Citation9 S.W.2d 688
PartiesSARAH E. AKIN, ADMINISTRATRIX, RESPONDENT, v. CHARLES V. HULL ET AL., APPELLANTS.<SMALL><SUP>*</SUP></SMALL>
CourtMissouri Court of Appeals

Appeal from the Circuit Court of Platte County. Hon. Guy B. Park, Judge.

REVERSED AND REMANDED.

Gresham & Gresham and Sterling P. Reynolds for respondent.

James H. Hull and German, Hull & German for appellants.

WILLIAMS, C.

This case comes to us on appeal from the Platte county circuit court, and is a suit by the administratrix of the estate of Frank J. Akin, deceased.

The petition alleges that plaintiff had deposited in January and February and the following months of 1923, certain funds in the bank of Dearborn, to-wit: Jan. 15, 1923, $548.75; Jan. 17, 1923, $5.35; Jan. 19, 1923, $257.56; Jan. 24, 1923, $8010.61; Jan. 24, 1923, $ 8.67; Feb. 2, 1923, 30 cents; Feb. 3, 1923, $ 6.78; Sept. 11, 1923, $72.60. It is alleged that at the times that the bank was insolvent, or in a failing condition, and that defendants, as directors, knew the bank's condition. Plaintiff prayed judgment for the amount of her deposits. The case was tried before a jury and verdict was returned in favor of plaintiff for $5993.66.

After an unsuccessful motion for a new trial and motion in arrest of judgment, the defendants appeal.

The evidence shows that the respondent, Sarah E. Akin, Administratrix, was a depositor in the bank of Dearborn.

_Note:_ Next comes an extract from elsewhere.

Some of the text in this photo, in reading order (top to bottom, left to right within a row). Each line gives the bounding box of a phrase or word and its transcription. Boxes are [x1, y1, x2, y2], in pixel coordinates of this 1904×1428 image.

The bank of Dearborn was located at Dearborn, Platte county, Missouri, and had been in business many years prior to the time it was taken in charge by the State Finance Commissioner on the 9th day of March, 1922. This bank was re-organized. The State Finance Department charged out several thousand dollars which was replaced with what was considered solvent live assets. In the reorganization, the defendants herein, were elected as a board of directors. The bank was operated until October 1, 1923, at which time the bank was again placed in the hands of the State Finance Commissioner.

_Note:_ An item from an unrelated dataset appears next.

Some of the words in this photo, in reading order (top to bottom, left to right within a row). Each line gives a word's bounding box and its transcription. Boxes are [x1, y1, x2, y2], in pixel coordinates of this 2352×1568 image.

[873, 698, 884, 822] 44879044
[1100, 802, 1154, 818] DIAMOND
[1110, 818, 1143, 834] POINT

It seems that on September 30, 1923, unusual heavy withdrawals were made by the depositors. This reduced the reserve of the bank below that which was required by law.

A meeting of the directors was called on the 30th day of September, a report was made and it was decided that the bank should suspend operations and the finance department be notified.

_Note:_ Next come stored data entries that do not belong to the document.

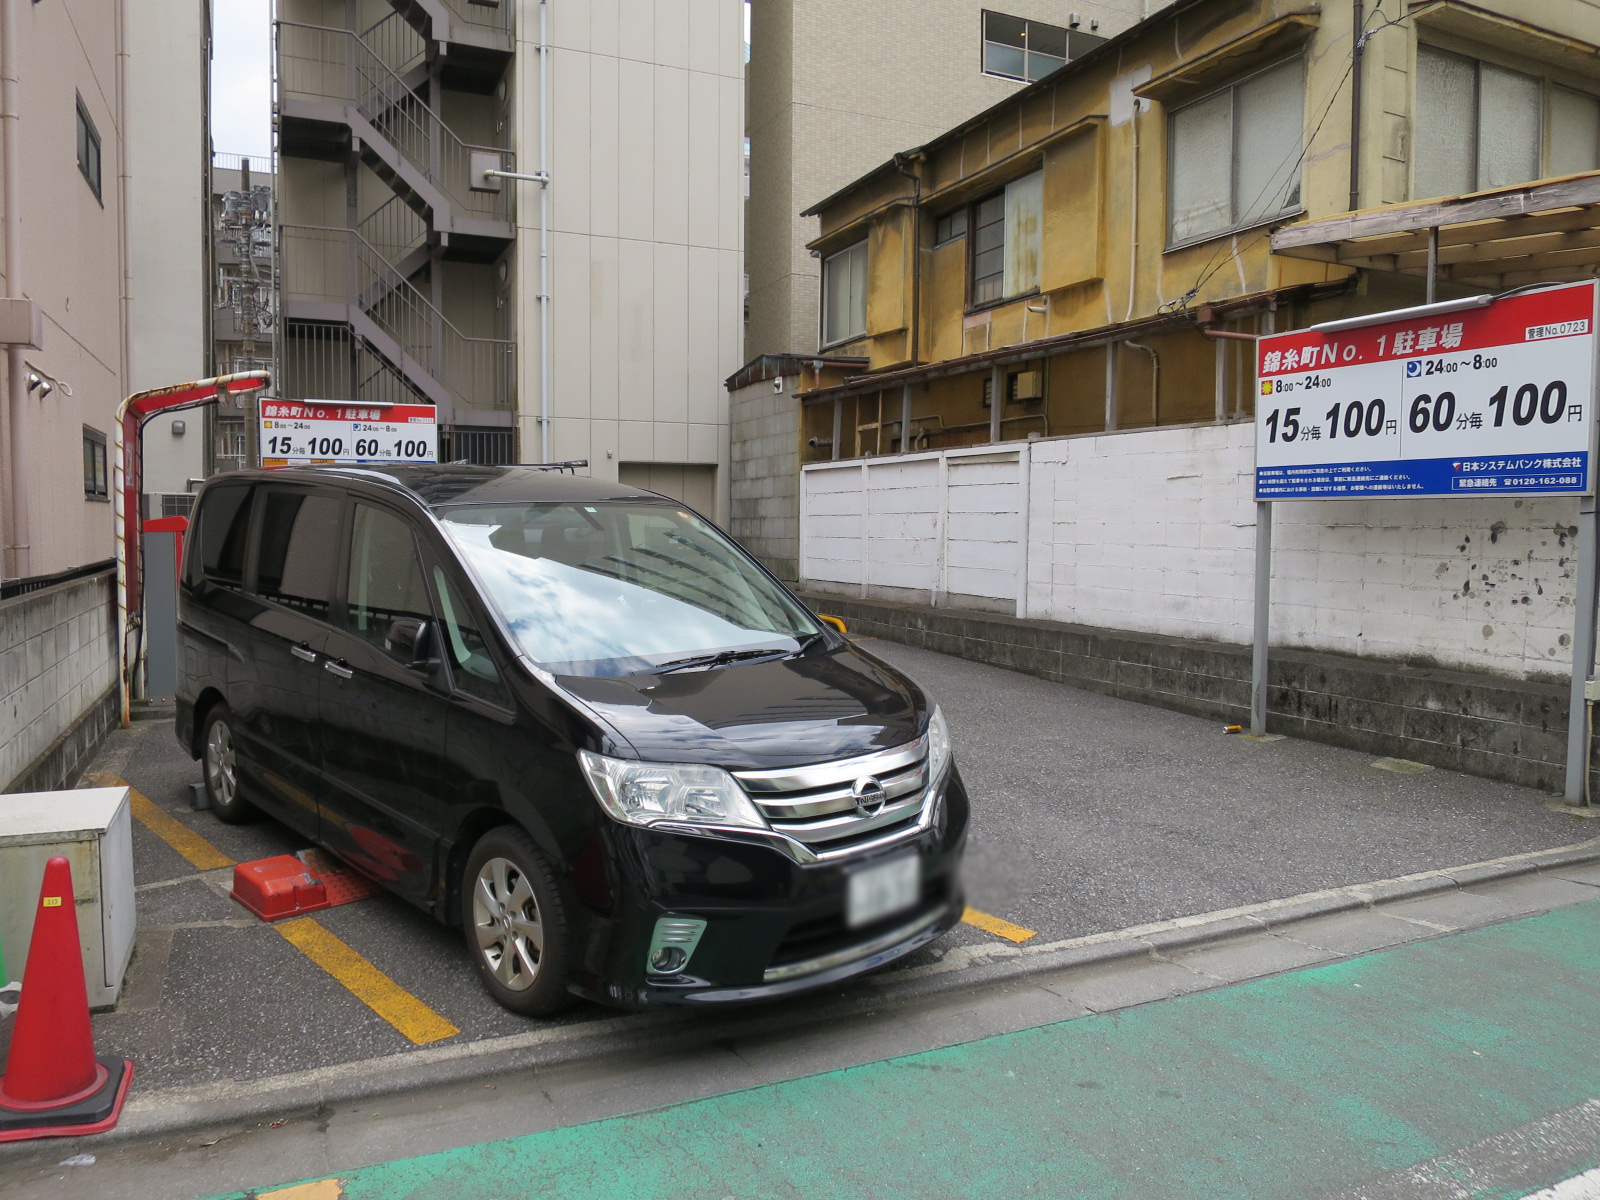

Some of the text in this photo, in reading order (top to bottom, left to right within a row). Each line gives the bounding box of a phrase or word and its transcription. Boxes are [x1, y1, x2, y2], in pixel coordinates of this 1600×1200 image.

[1527, 320, 1585, 339] 管理No.0723
[1462, 457, 1582, 472] 日本システムバンク株式会社
[1512, 476, 1577, 486] 0120-162-088
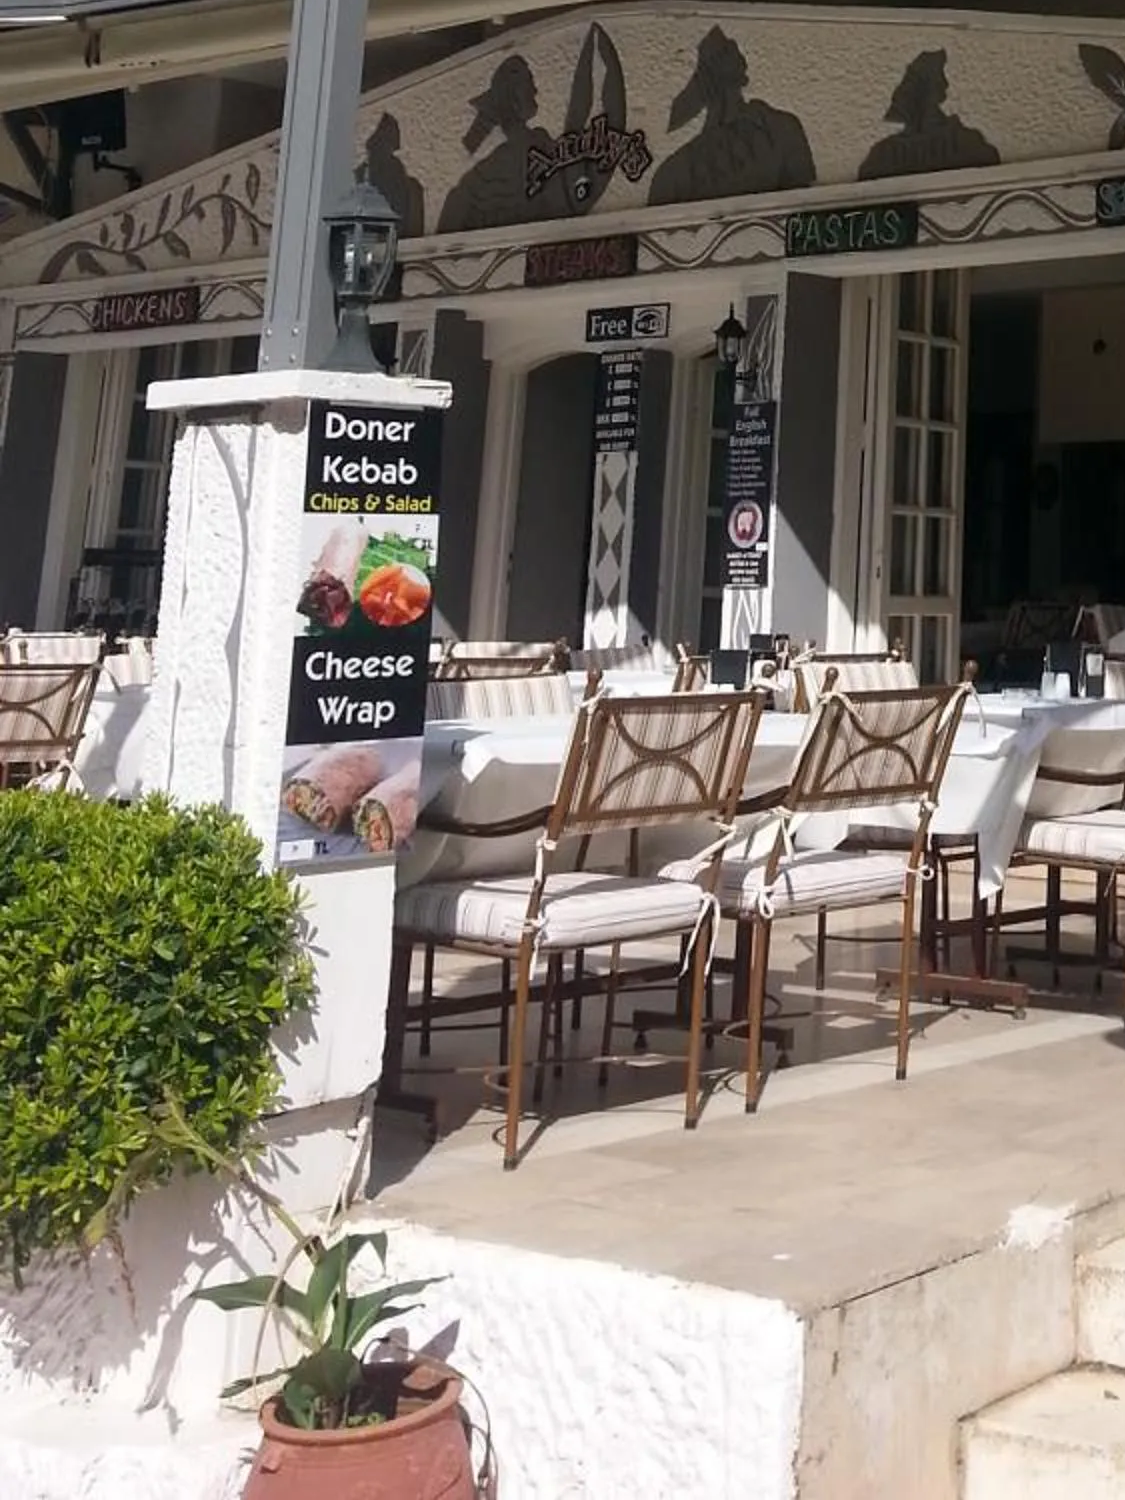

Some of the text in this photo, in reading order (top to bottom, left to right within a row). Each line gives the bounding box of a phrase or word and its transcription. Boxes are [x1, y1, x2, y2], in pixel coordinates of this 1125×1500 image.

[787, 208, 901, 253] PASTAS
[527, 242, 620, 279] STEAKS
[92, 291, 188, 327] CHICKENS
[590, 314, 628, 336] Free
[325, 411, 416, 442] Doner
[323, 455, 418, 485] Kebab
[310, 493, 432, 514] Chips & Salad
[305, 651, 415, 681] Cheese
[317, 696, 396, 729] Wrap

The evidence will be noticed more in detail in the course of the opinion.

The first question presented by the appellant is that the Finance Commissioner is the only party to institute this action. This question was decided adversely to appellant's contention in the recent case of White v. Poole, 272 S.W. 1021, and again more recently by the Supreme Court in the case of Mary E. Ivie v. John S. Bailey et al., 5 S.W. (N.S.) 50. This point is therefore decided against the appellant.

The next two points are that the plaintiff failed to prove that the bank was insolvent or in a failing condition within the knowledge of the defendants.

Over $60,000 of the notes were more than thirty days past due in July, 1923, with the bank still a going concern and meeting its obligations.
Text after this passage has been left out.